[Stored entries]
• • • • • • •
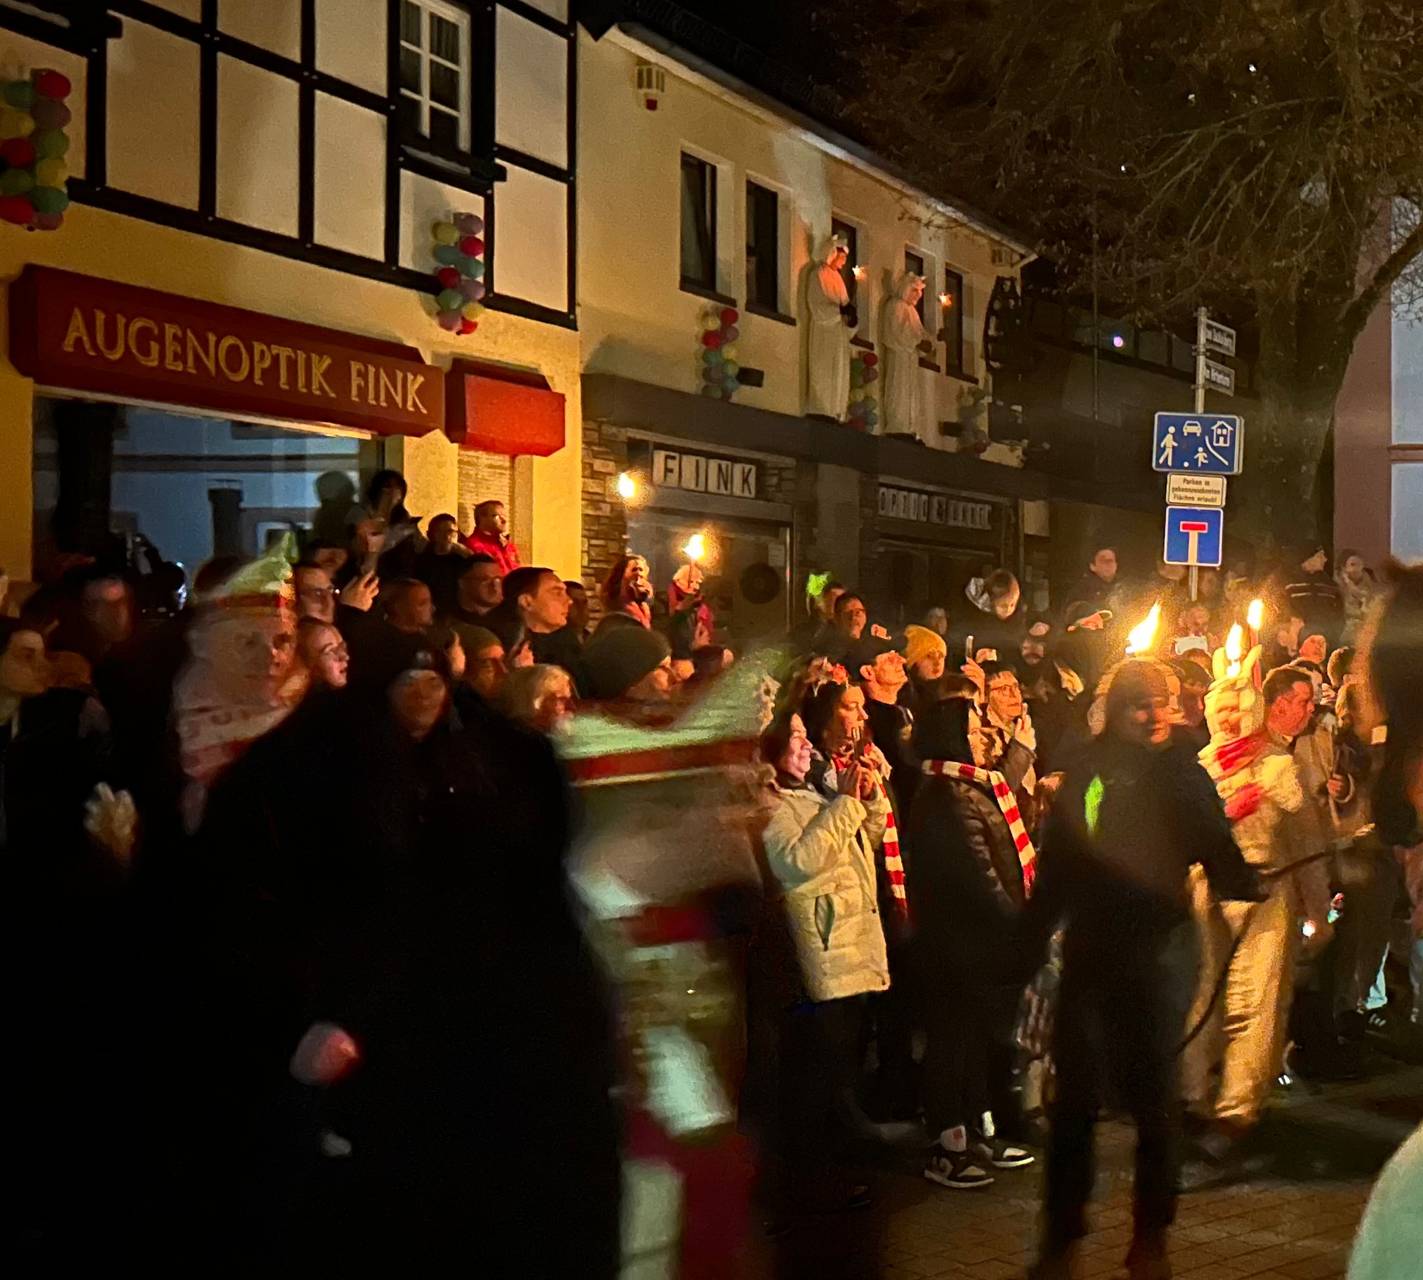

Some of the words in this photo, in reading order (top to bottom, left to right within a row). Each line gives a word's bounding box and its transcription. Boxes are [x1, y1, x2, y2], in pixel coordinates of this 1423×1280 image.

[62, 307, 337, 398] AUGENOPTIK
[349, 359, 428, 415] FINK
[663, 454, 752, 495] FINK
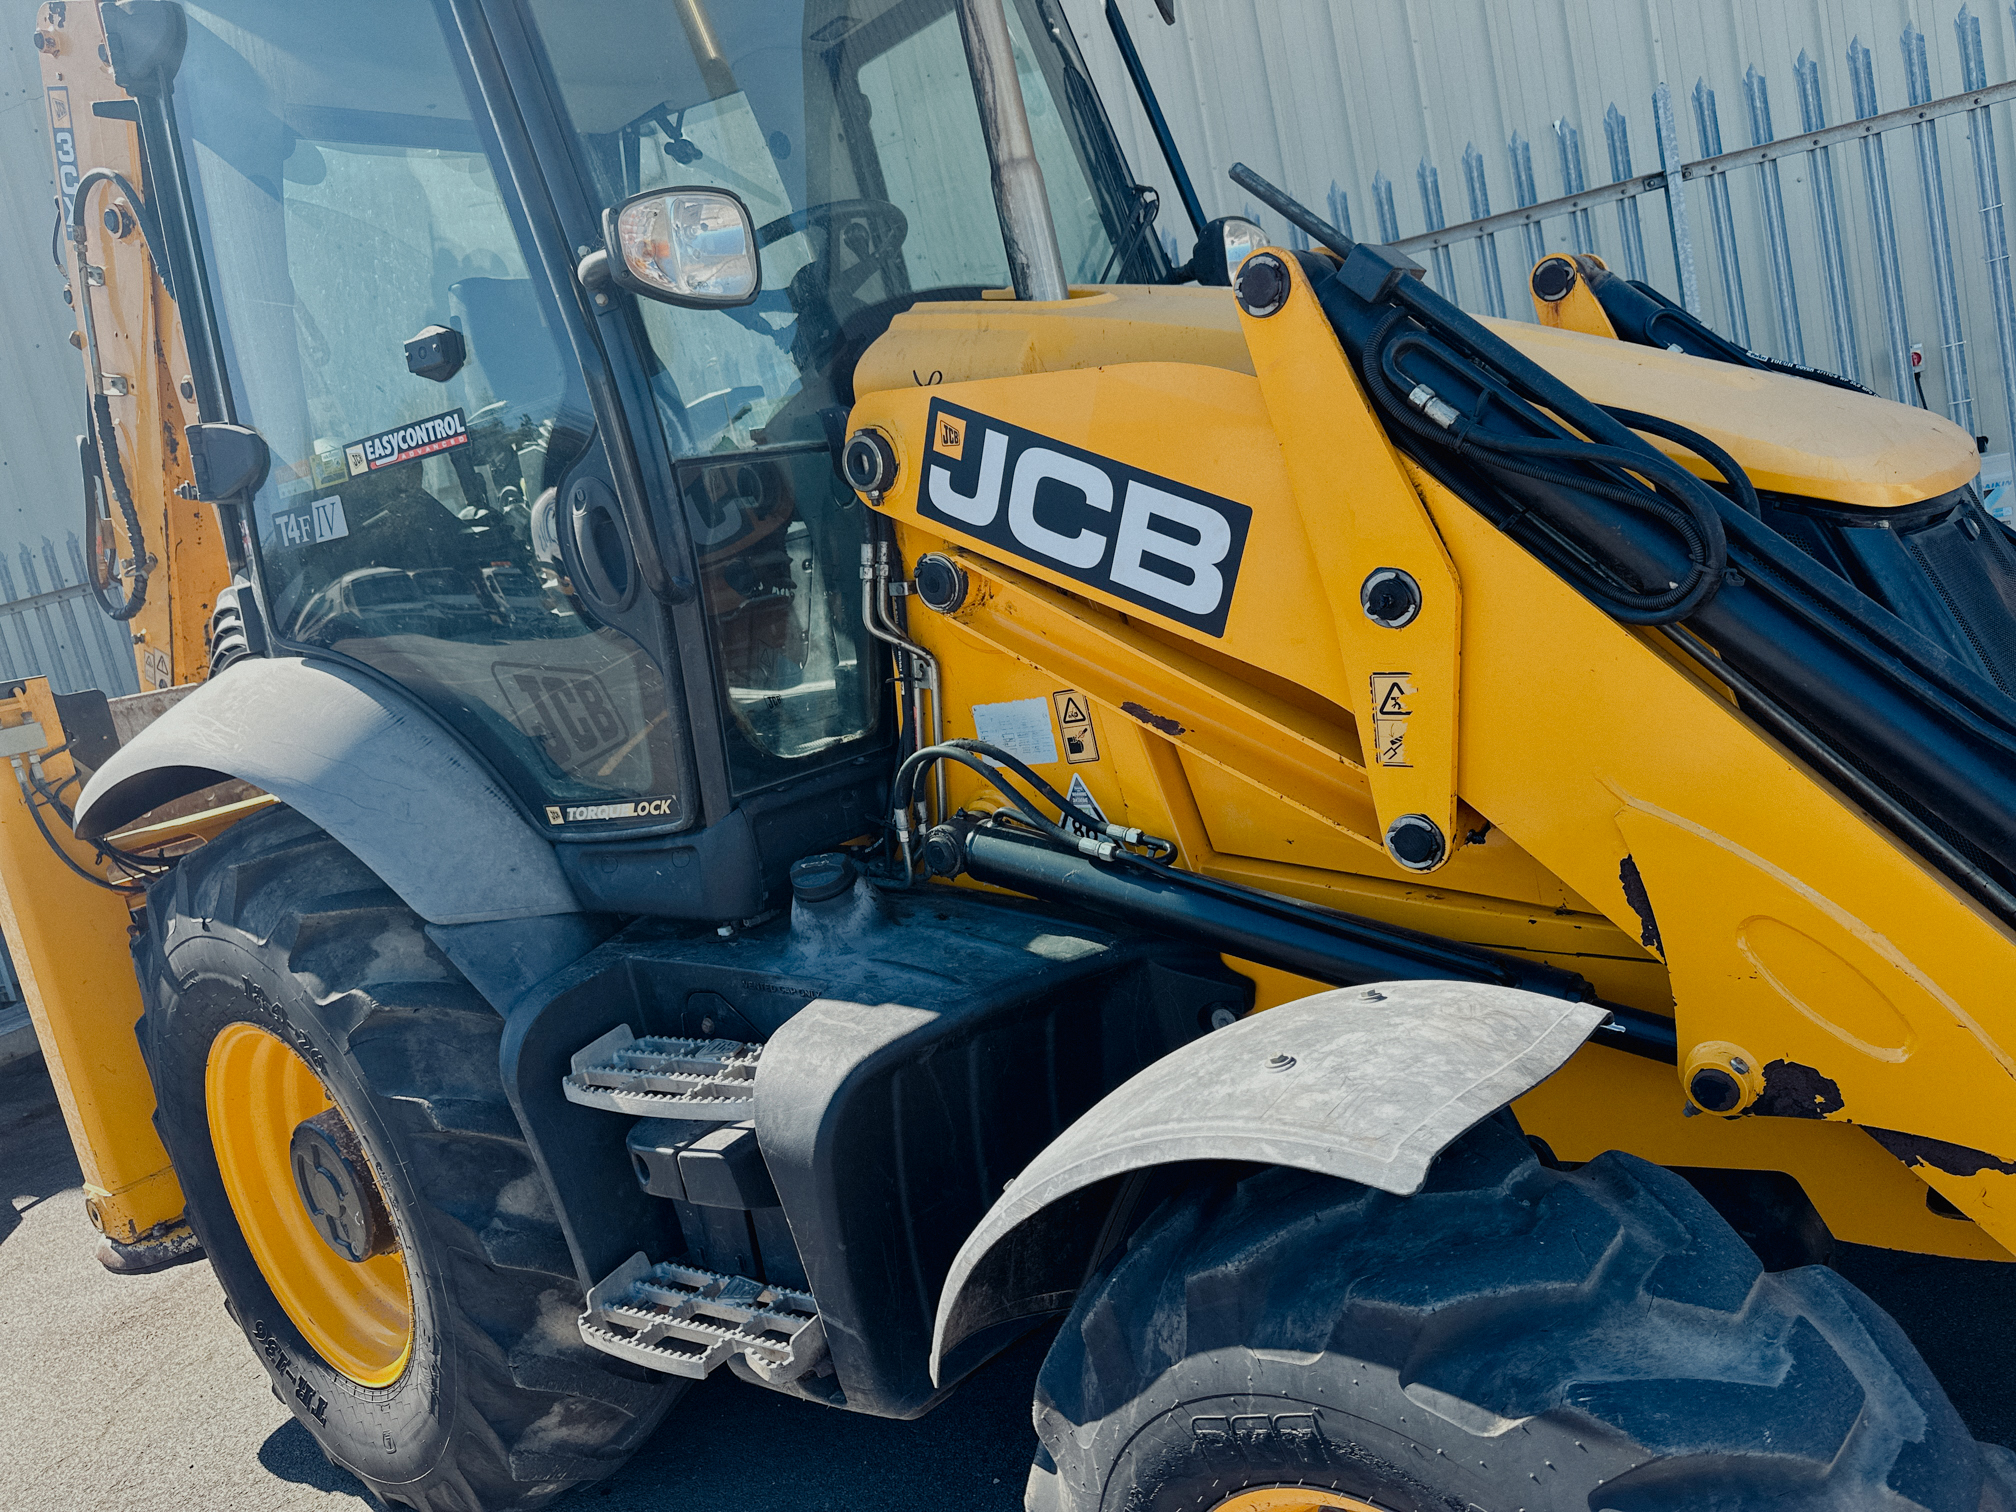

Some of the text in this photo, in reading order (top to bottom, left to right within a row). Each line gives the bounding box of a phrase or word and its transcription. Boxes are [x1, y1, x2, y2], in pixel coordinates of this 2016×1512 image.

[1770, 358, 1794, 368] TOUGH
[1796, 364, 1815, 373] COVER
[364, 413, 466, 466] EASYCONTROL
[400, 436, 466, 460] ADVANCED
[941, 423, 961, 445] JCB
[1983, 480, 2012, 489] AIKIN
[315, 502, 336, 538] IV
[928, 428, 1231, 614] JCB
[513, 674, 620, 766] JCB
[253, 1320, 329, 1428] TR-136
• • • • • • •
• **Work to be completed**: Every entry above should be returned exactly, with no images included.

• **Exercise solution**:
Some of the words in this photo, in reading order (top to bottom, left to right within a row). Each line gives a word's bounding box and its transcription. Boxes are [x1, y1, x2, y2], in pixel coordinates of this 1423×1280 image.

[62, 307, 337, 398] AUGENOPTIK
[349, 359, 428, 415] FINK
[663, 454, 752, 495] FINK

Some of the text in this photo, in reading order (top to bottom, left to right within a row). Each line gives the bounding box of a phrase or word and its transcription. Boxes are [x1, y1, x2, y2], in pixel coordinates of this 2016×1512 image.

[1770, 358, 1794, 368] TOUGH
[1796, 364, 1815, 373] COVER
[364, 413, 466, 466] EASYCONTROL
[400, 436, 466, 460] ADVANCED
[941, 423, 961, 445] JCB
[1983, 480, 2012, 489] AIKIN
[315, 502, 336, 538] IV
[928, 428, 1231, 614] JCB
[513, 674, 620, 766] JCB
[253, 1320, 329, 1428] TR-136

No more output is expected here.